▶ [Assigned task]
An exact, picture-free copy of the listing is required.

···

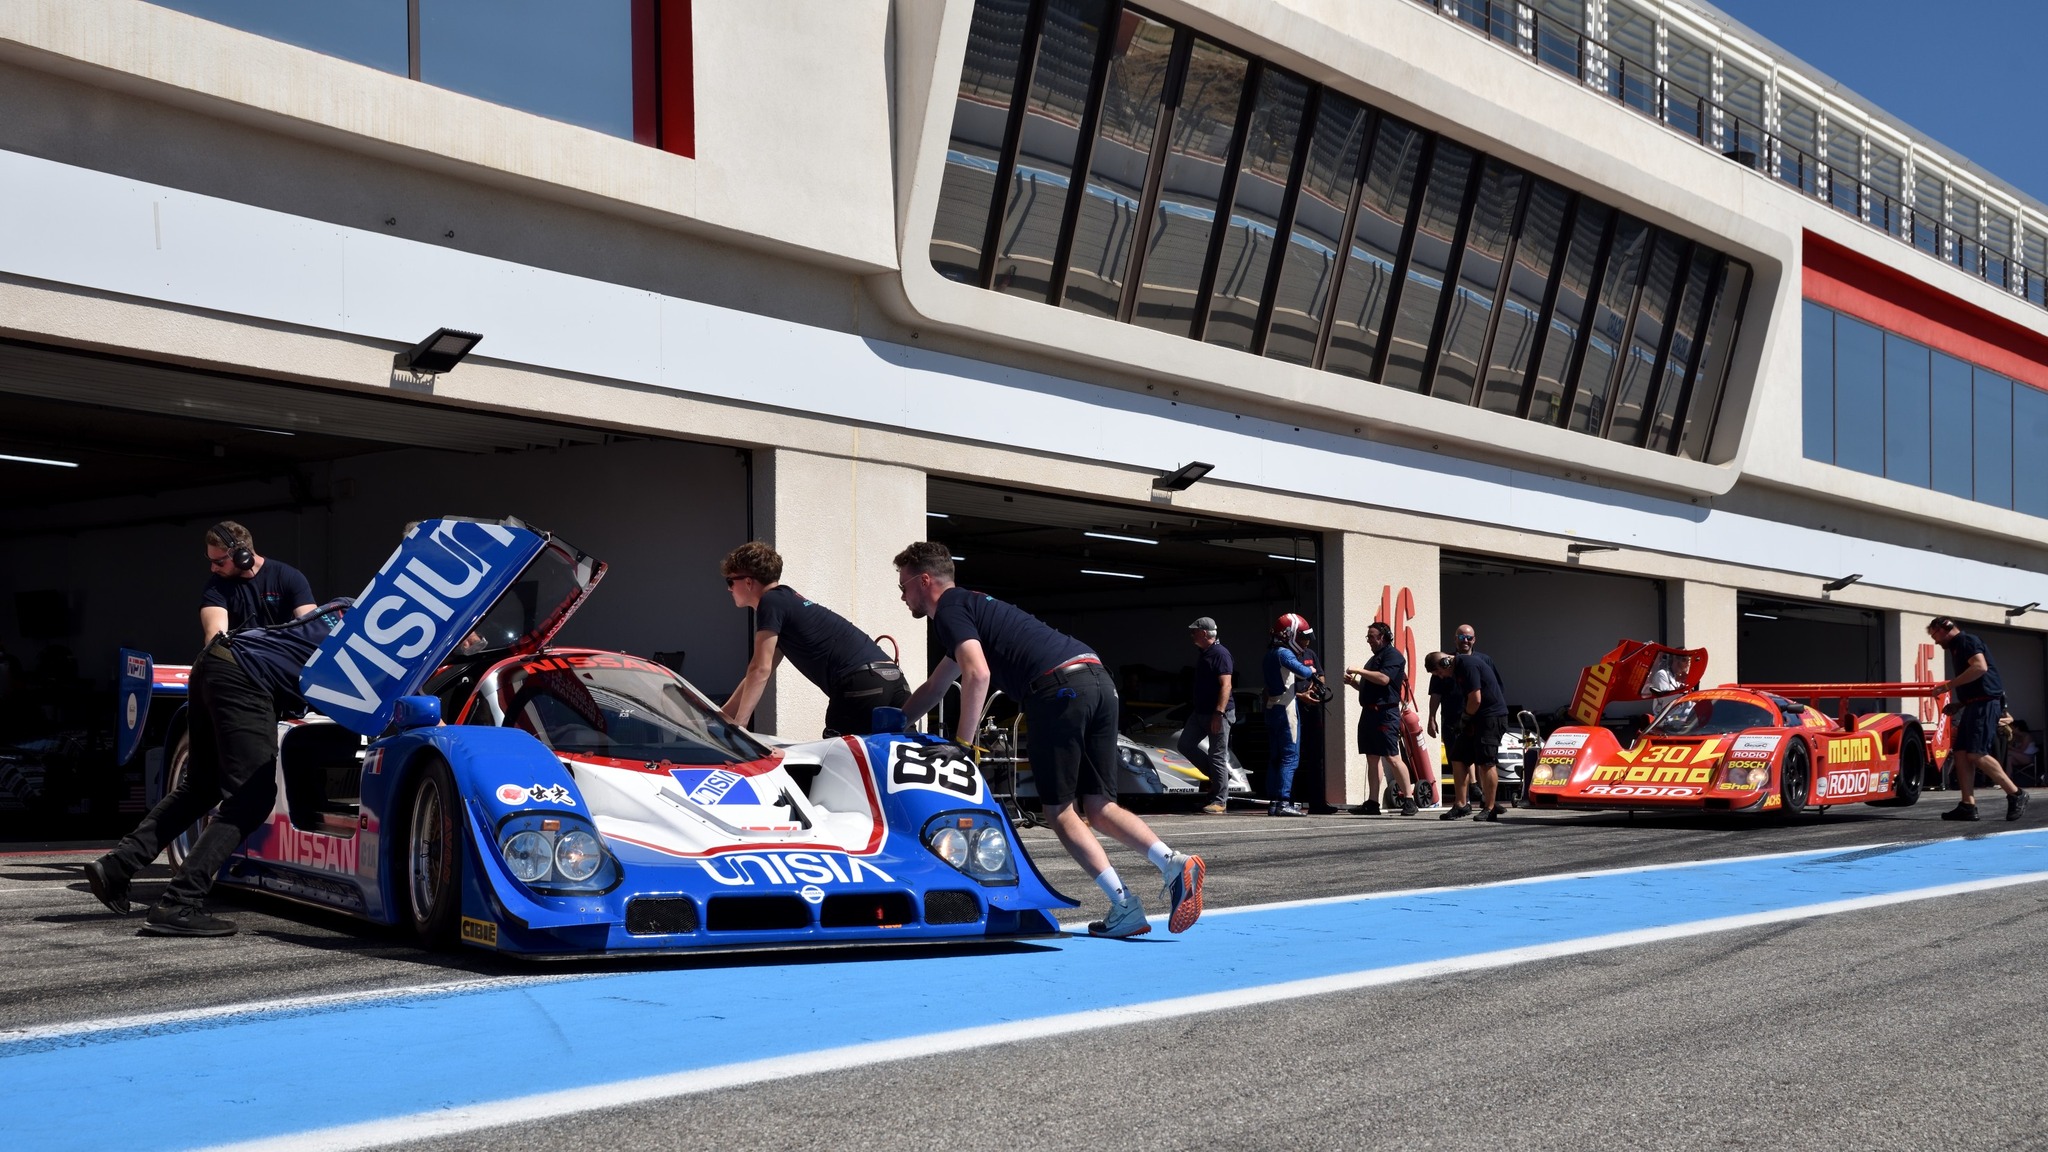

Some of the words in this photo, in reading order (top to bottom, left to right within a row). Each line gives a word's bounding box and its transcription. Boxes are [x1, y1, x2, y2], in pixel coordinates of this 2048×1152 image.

[523, 657, 676, 678] NISSAN
[1915, 644, 1934, 723] 15
[1539, 757, 1574, 765] BOSCH
[1641, 746, 1692, 763] 30
[893, 744, 977, 796] 83
[1728, 761, 1766, 769] BOSCH
[1590, 786, 1693, 796] RODIO
[1720, 782, 1757, 790] Shell
[1829, 772, 1867, 795] RODIO
[278, 821, 356, 876] NISSAN
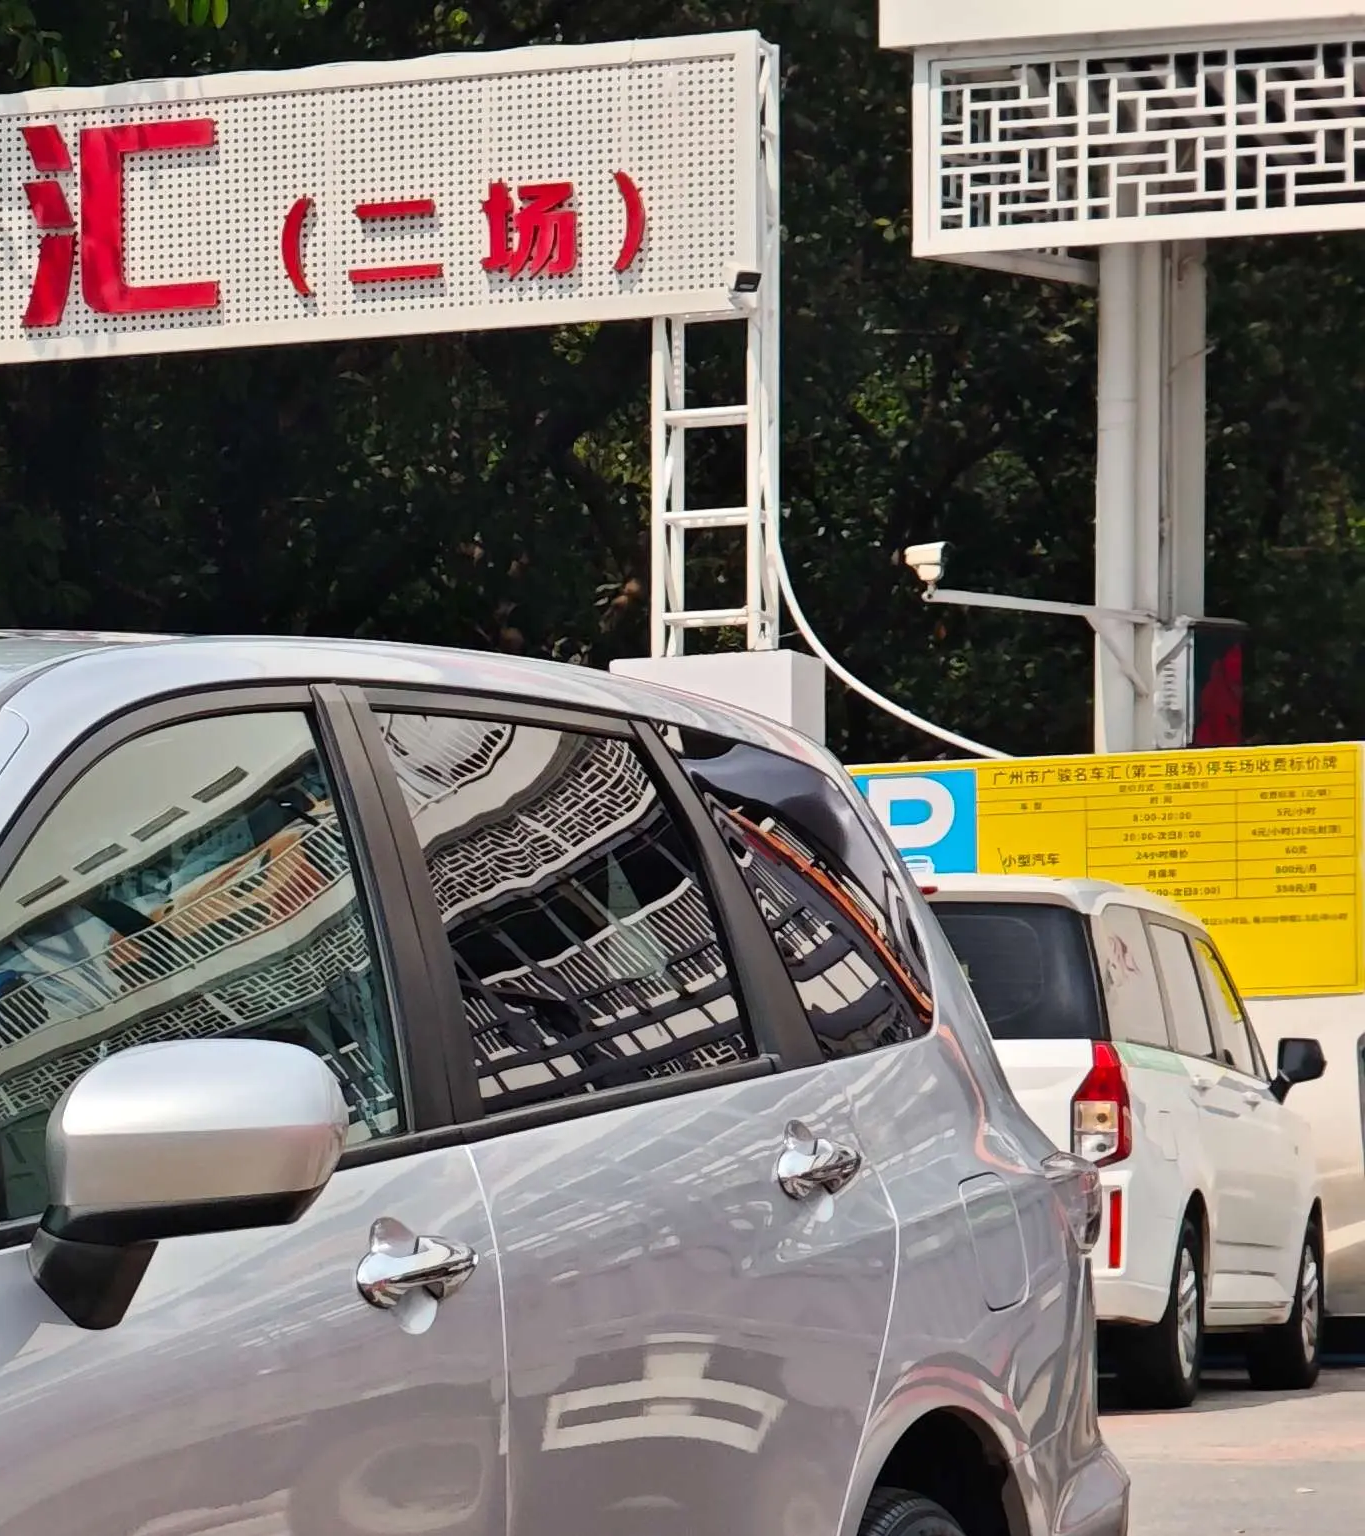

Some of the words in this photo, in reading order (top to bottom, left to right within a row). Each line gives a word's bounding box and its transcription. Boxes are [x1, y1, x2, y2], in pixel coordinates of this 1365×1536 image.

[868, 777, 956, 849] P
[1004, 852, 1061, 868] 小型汽车
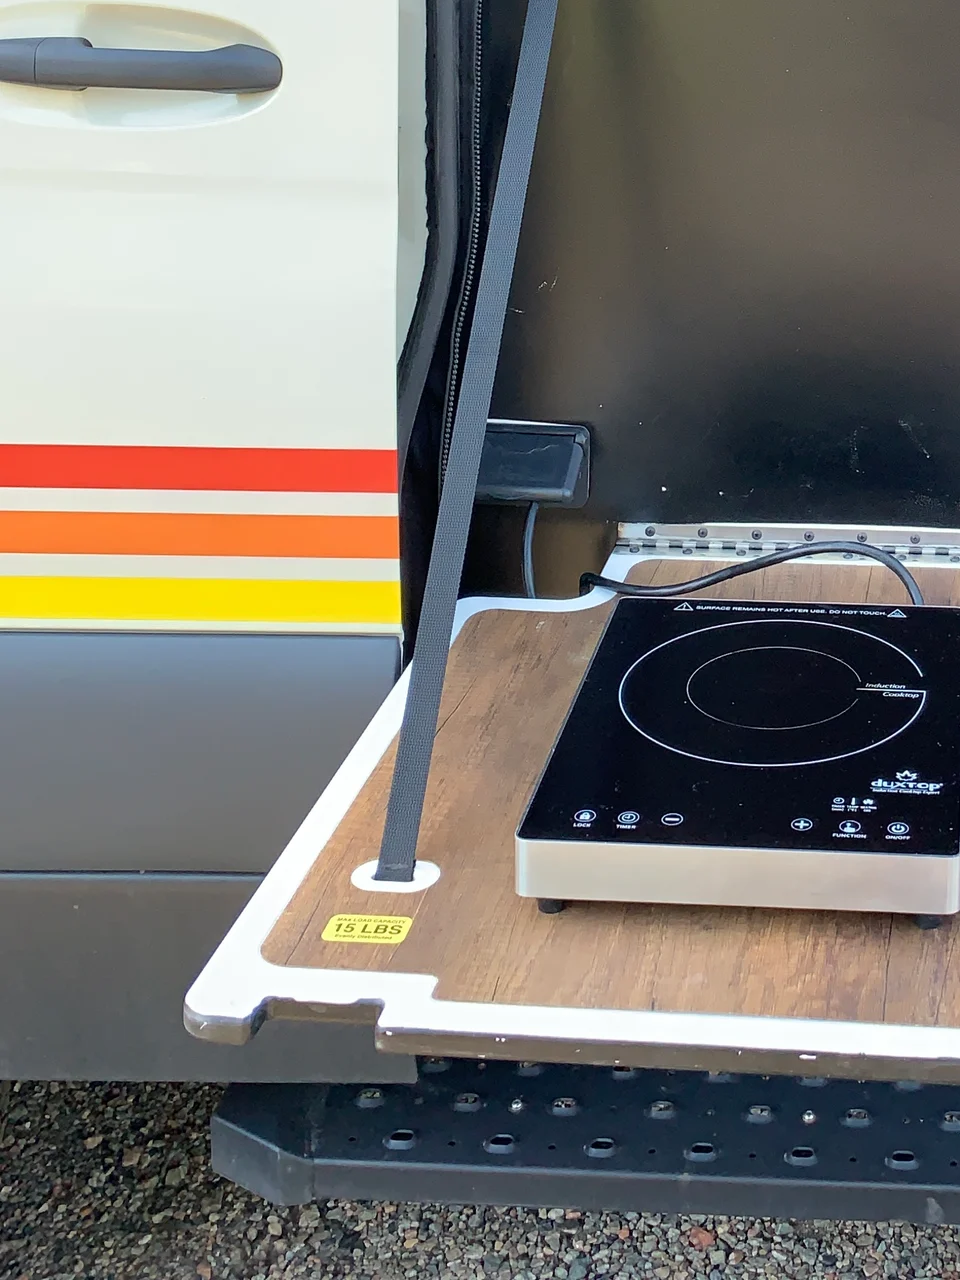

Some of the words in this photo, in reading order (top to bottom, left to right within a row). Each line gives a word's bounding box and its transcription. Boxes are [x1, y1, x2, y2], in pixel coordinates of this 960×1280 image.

[864, 682, 906, 690] Induction
[882, 691, 920, 699] Cooktop
[335, 923, 357, 933] 15
[360, 923, 404, 935] LBS

···

▶ [Response to the task]
Some of the words in this photo, in reading order (top to bottom, left to right within a row). Each line gives a word's bounding box and its transcription. Boxes are [x1, y1, x2, y2], in pixel coordinates of this 2048×1152 image.

[523, 657, 676, 678] NISSAN
[1915, 644, 1934, 723] 15
[1539, 757, 1574, 765] BOSCH
[1641, 746, 1692, 763] 30
[893, 744, 977, 796] 83
[1728, 761, 1766, 769] BOSCH
[1590, 786, 1693, 796] RODIO
[1720, 782, 1757, 790] Shell
[1829, 772, 1867, 795] RODIO
[278, 821, 356, 876] NISSAN

Some of the words in this photo, in reading order (top to bottom, left to right within a row). Each line gives a word's bounding box and its transcription. Boxes are [x1, y1, x2, y2], in pixel coordinates of this 1365×1536 image.

[868, 777, 956, 849] P
[1004, 852, 1061, 868] 小型汽车

Some of the words in this photo, in reading order (top to bottom, left to right within a row). Each line gives a word's bounding box and its transcription. Boxes are [x1, y1, x2, y2], in pixel coordinates of this 960×1280 image.

[864, 682, 906, 690] Induction
[882, 691, 920, 699] Cooktop
[335, 923, 357, 933] 15
[360, 923, 404, 935] LBS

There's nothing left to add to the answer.